A non-pigmented strain of clinically isolated S. marcescens AU01 was grown aerobically in Luria–Bertani broth (BD Biosciences) at 37 °C for 48 h. Bacterial cells were collected by centrifugation, then washed three times with saline and lyophilized. LPS preparations were extracted from the lyophilized cells using a hot phenol/water method (Westphal & Jann, 1965), and lipid A was prepared from the LPS preparations according to our previously described method (Ogawa et al., 2002). Briefly, hydrophobic products obtained by weak acid hydrolysis of the LPS preparation were subjected to silica gel and gel filtration column chromatography to yield the purified lipid A fraction. The lipid A specimens were dissolved at a concentration of 1 mg ml–1 in 0.1 % (v/v) triethylamine aqueous solution. Compound 506 was chemically synthesized as described by Imoto et al. (1984) and Kotani et al. (1985). The bacterial synthetic lipopeptide Pam3CSK4 was obtained from EMC microcollections and dissolved at a concentration of 1 mg ml–1 in pyrogen-free distilled water. These stock solutions were kept at 4 °C and appropriately diluted with pyrogen-free PBS (Sigma) or cell culture medium before using in the assays.
Analytical procedures.
Analytical TLC was performed on a TLC plate (no. 5715; Merck) using a solvent system consisting of chloroform/methanol/water (50 : 25 : 10, by vol.) and the spots were visualized with anisaldehyde/sulfuric acid reagent.
MS and tandem MS (MS-MS).
Matrix-assisted laser desorption/ionization time-of-flight (MALDI-TOF) MS spectra were measured using a QSTAR XL (Applied Biosystems) instrument.
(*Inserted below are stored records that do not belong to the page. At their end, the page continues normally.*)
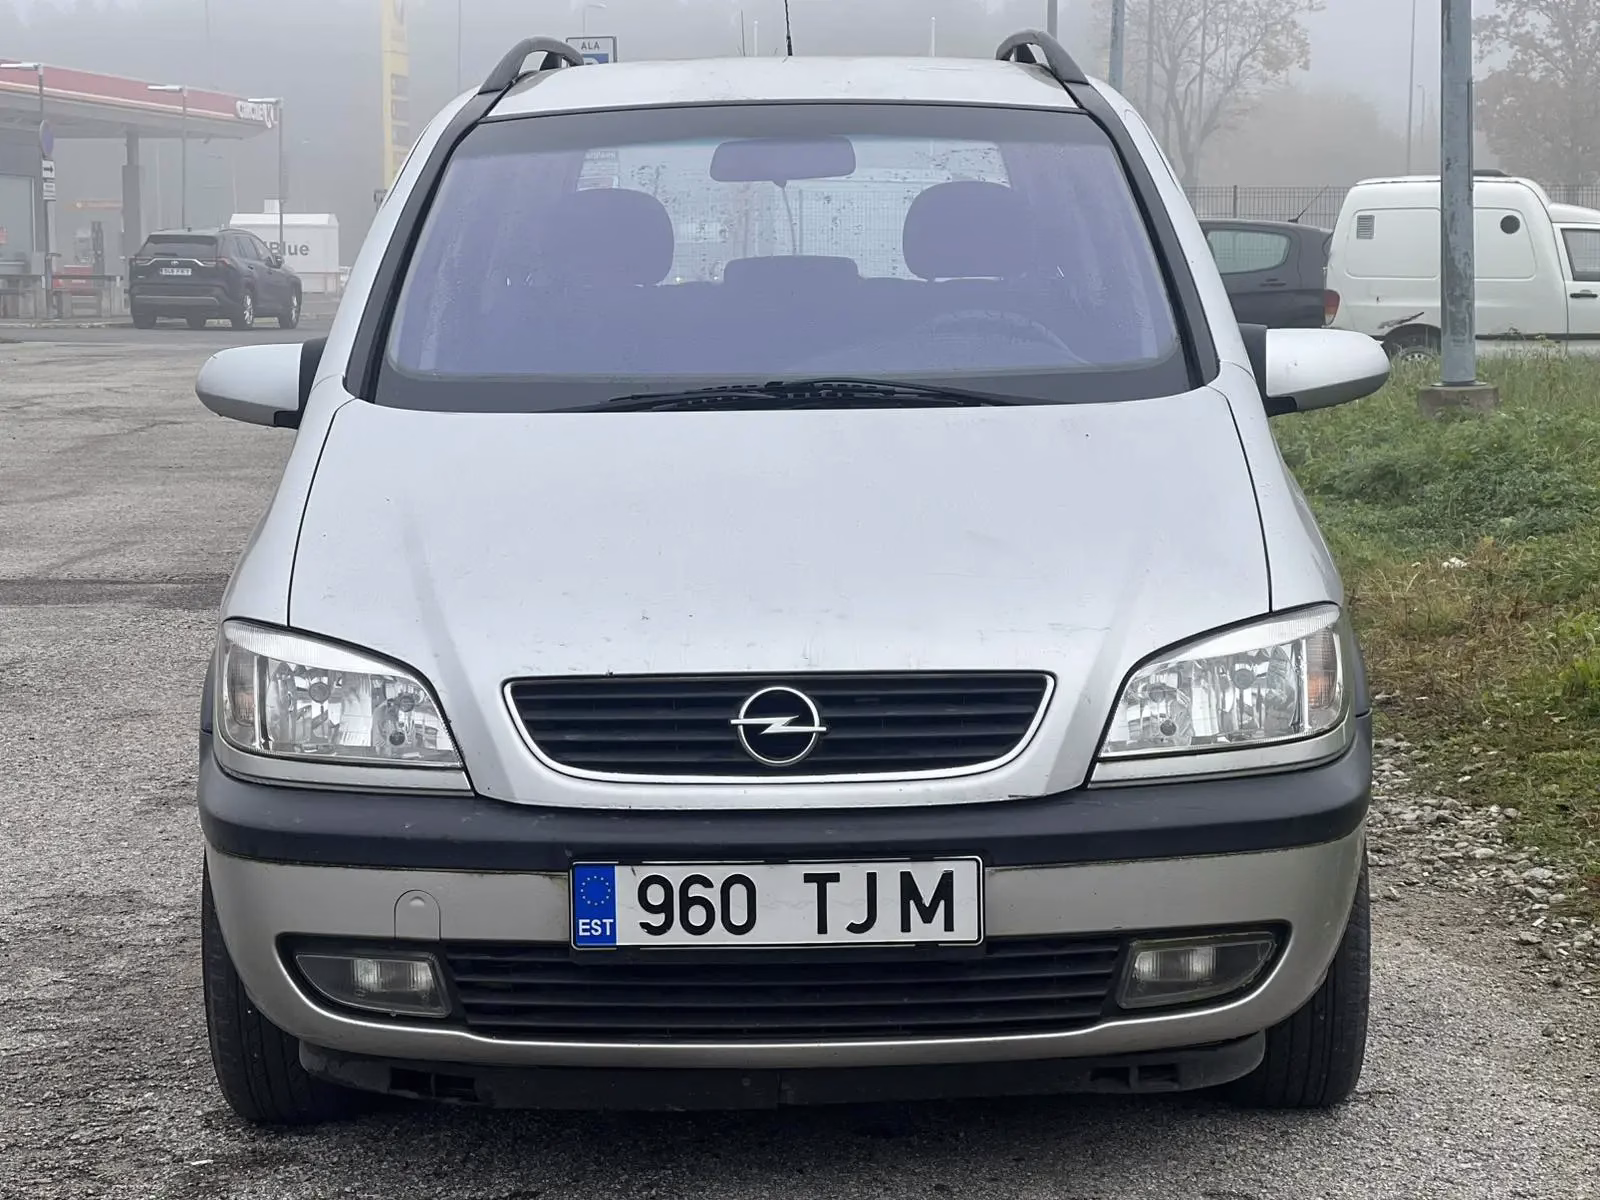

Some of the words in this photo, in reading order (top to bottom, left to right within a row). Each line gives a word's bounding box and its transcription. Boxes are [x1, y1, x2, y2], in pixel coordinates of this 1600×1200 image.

[580, 41, 600, 50] ALA
[637, 873, 757, 936] 960
[803, 870, 955, 935] TJM
[578, 919, 614, 936] EST
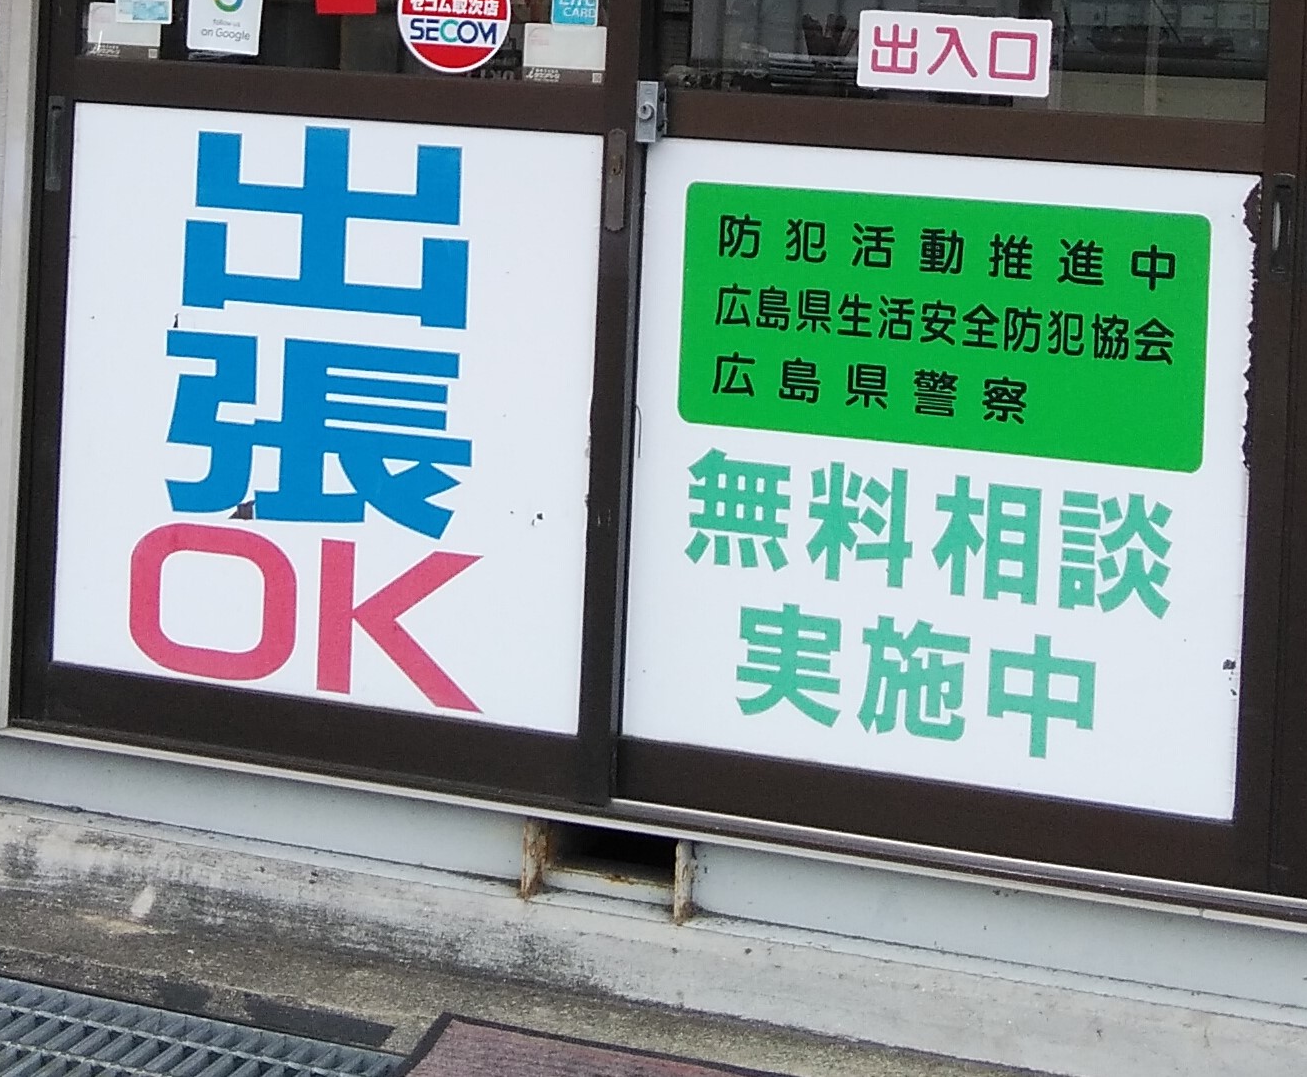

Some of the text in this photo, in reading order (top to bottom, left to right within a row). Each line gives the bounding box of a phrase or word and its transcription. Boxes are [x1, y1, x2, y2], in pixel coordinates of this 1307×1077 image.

[201, 28, 251, 42] on Google
[410, 18, 497, 45] SECOM
[563, 7, 596, 18] CARD
[870, 22, 1038, 81] 出入口
[718, 214, 1177, 291] 防犯活動推進中
[164, 125, 472, 540] 出張
[714, 283, 1175, 366] 広島県生活安全防犯協会
[711, 352, 1028, 424] 広島県警察
[684, 447, 1173, 620] 無料相談
[129, 522, 484, 713] OK
[734, 603, 1096, 760] 実施中
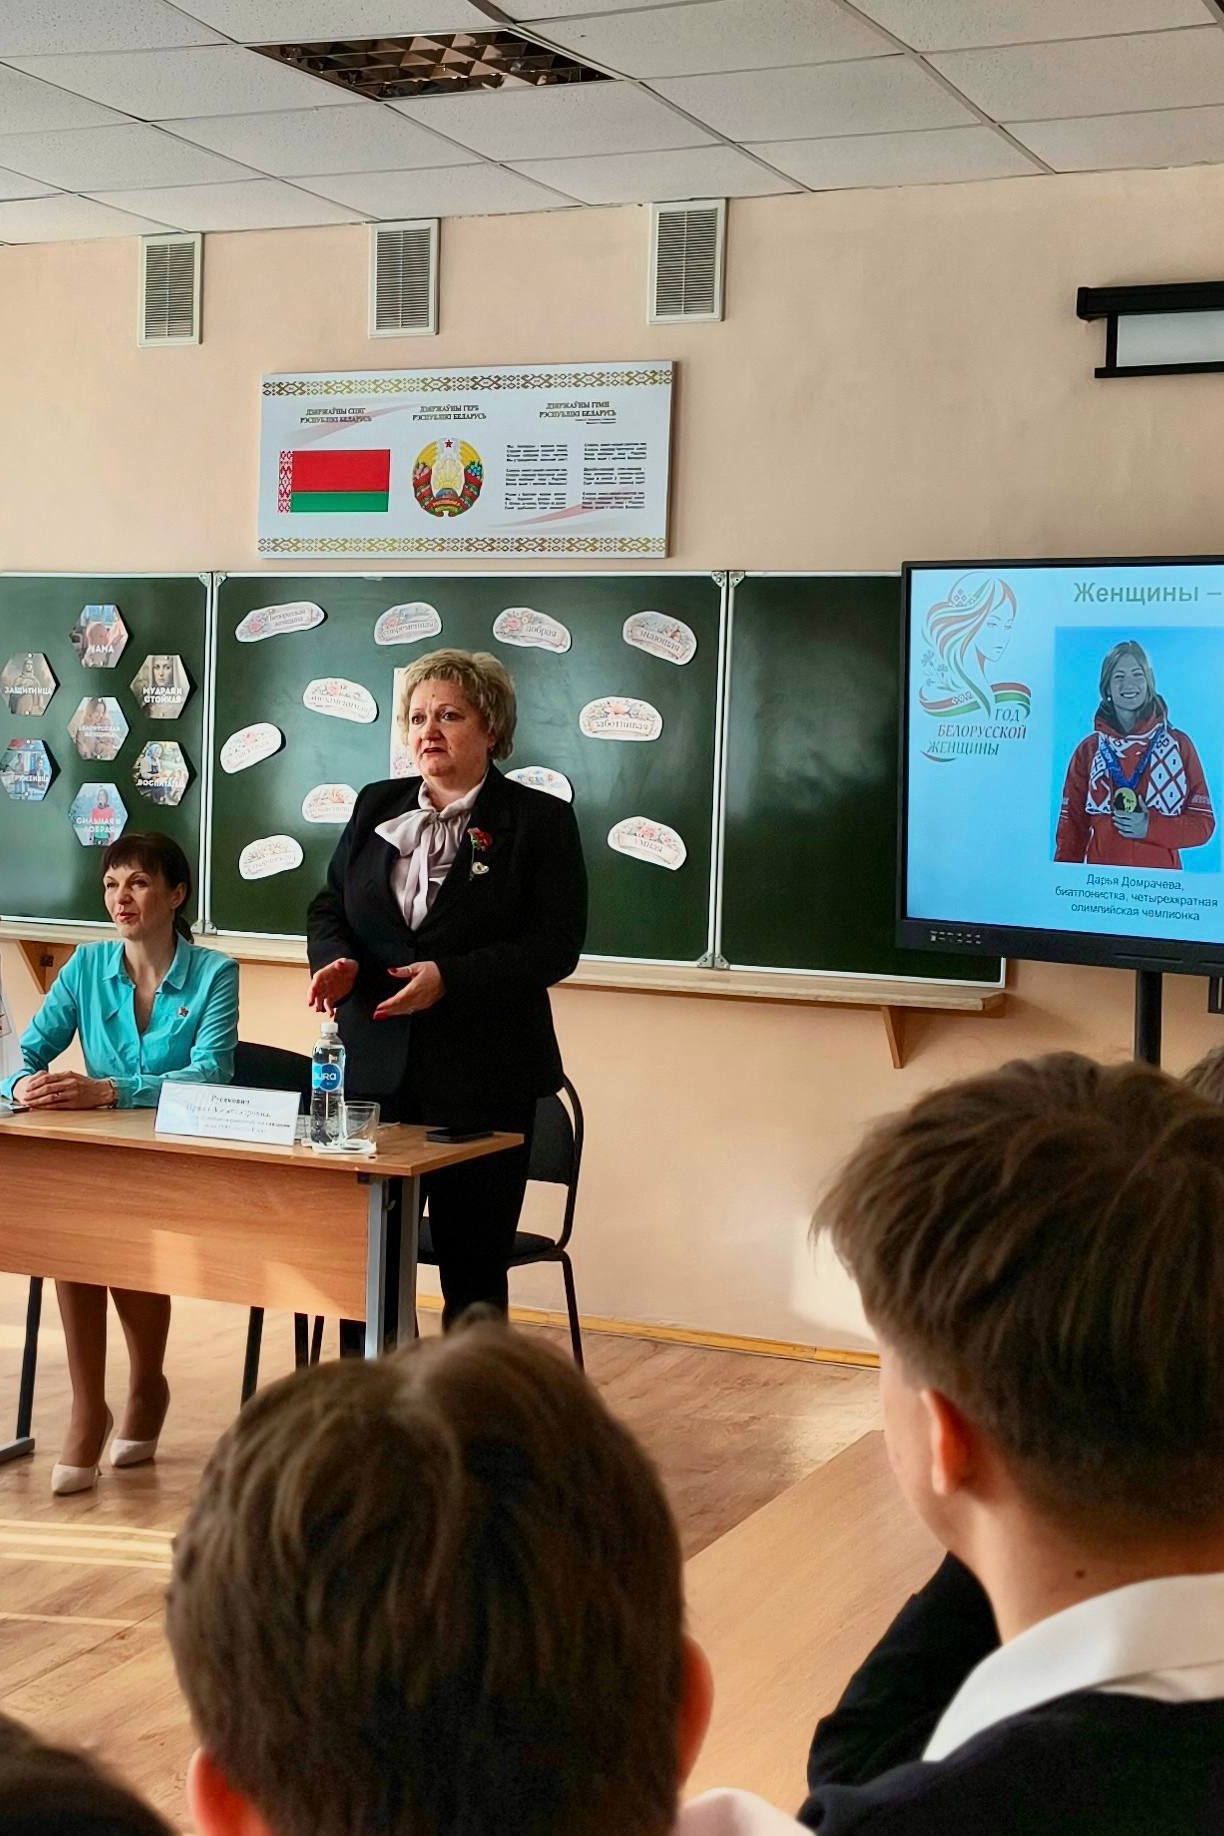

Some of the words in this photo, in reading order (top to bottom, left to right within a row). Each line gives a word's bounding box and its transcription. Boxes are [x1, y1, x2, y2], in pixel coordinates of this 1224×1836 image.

Lipid A specimens were dissolved in chloroform/methanol (3 : 1, v/v) combined with 2,5-dihydroxybenzoic acid as a matrix, and then placed on a sample plate. Spectra were obtained in negative ion reflector modes. MS-MS spectra were obtained using the collision-induced dissociation mode with argon gas. The laser replicate rate was 20 Hz. Ions were accelerated through 20 kV. The sample was irradiated randomly throughout the spot for 1.5 min. Raw data were analysed by using computer software provided by the manufacturer. Mass calibration was performed using the peptide [Glu1]fibrinopeptide B (mass 1570.6) and computer software provided by the manufacturer.
Animals.
C57BL/6, C3H/HeN and C3H/HeJ mice (8-week-old males) were obtained from Japan SLC. The mean body weights of C57BL/6, C3H/HeN and C3H/HeJ mice were 23.3±0.9, 25.0±1.1 and 25.1±1.5 g, respectively. The animals received humane care in accordance with our institutional guidelines and the legal requirements of Japan.
Limulus amoebocyte lysate (LAL) assay.
The indicated doses of test specimens were mixed separately with LAL reagent, then incubated at 37 °C for 30 min, after which the activities were determined using quantitative chromogenic assays (Seikagaku Kogyo).
Lethal toxicity in galactosamine-sensitized mice.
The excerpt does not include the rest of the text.